# Tool identification help please.



## GeorgeS (Nov 20, 2015)

So I'm digging through the box of miscellaneous stuff that came with the 3520B I just purchased and there are a few things in here that I'm not sure what they belong to or with and was Hoping you guys could help me out. Here they are. I was also surprised by the tools this gentleman was using. Lots of Pittsburg and a bunch of home made stuff.

So this thread doesn't fit anything else I received with the lathe. No clue what it went with. Wondering if I should mail it back to the guy who handled the sale.

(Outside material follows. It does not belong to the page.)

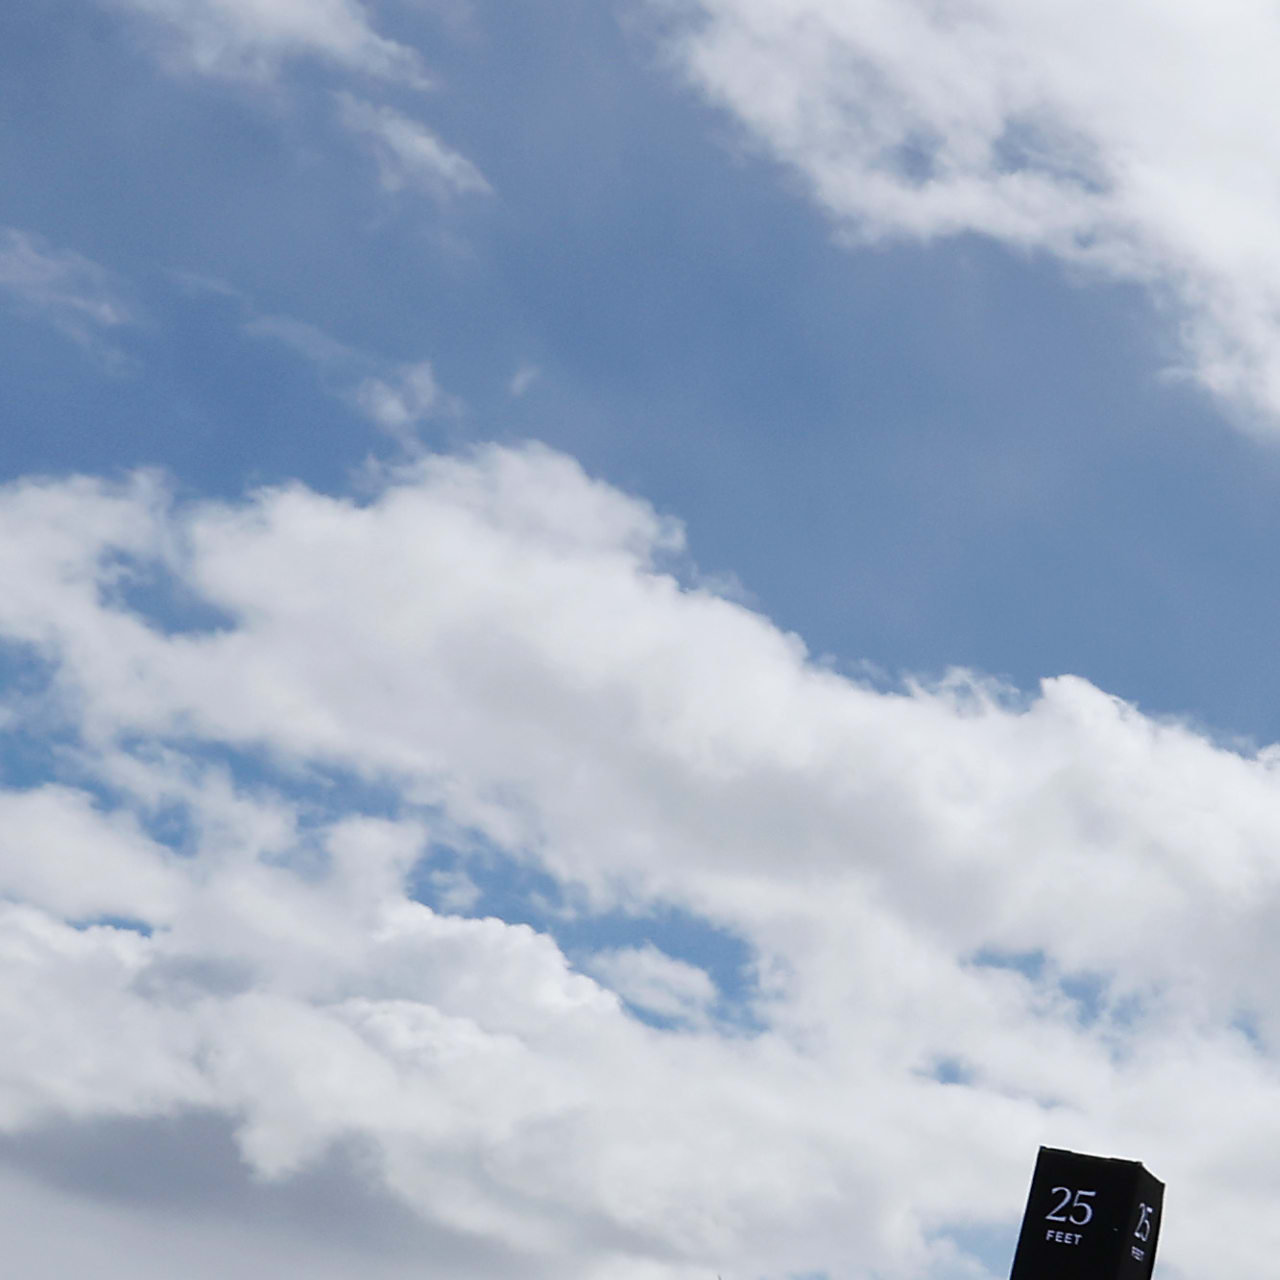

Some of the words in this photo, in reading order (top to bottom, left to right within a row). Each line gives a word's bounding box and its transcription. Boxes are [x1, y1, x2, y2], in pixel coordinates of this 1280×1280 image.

These appear to be drive centers but have no taper on them. One has a flat ground on the profile and the other has some recesses drilled into it but they also do not fit anything else I have.







This faceplate doesn't have threads and I don't think I would ever use it. Also doesn't fit anything else in the box.



Thanks in advance!


----------



## GeorgeS (Nov 20, 2015)

Sorry about the typo in the title, can't fix it!


----------



## Schroedc (Nov 20, 2015)

The cone is for a live center. Check if you have one with threads on it.


----------



## GeorgeS (Nov 20, 2015)

I didn't see anything with threads but I will check again.


----------



## Tom Smart (Nov 21, 2015)

George, the machine has 2 "arms", one on the head stock and one on the tail stock, where you can mount a completed spindle (say a table leg) to use as a pattern to duplicate. The 2 centers mount in the arms to hold this comparison piece.


----------



## GeorgeS (Nov 21, 2015)

Schroedc said:


> The cone is for a live center. Check if you have one with threads on it.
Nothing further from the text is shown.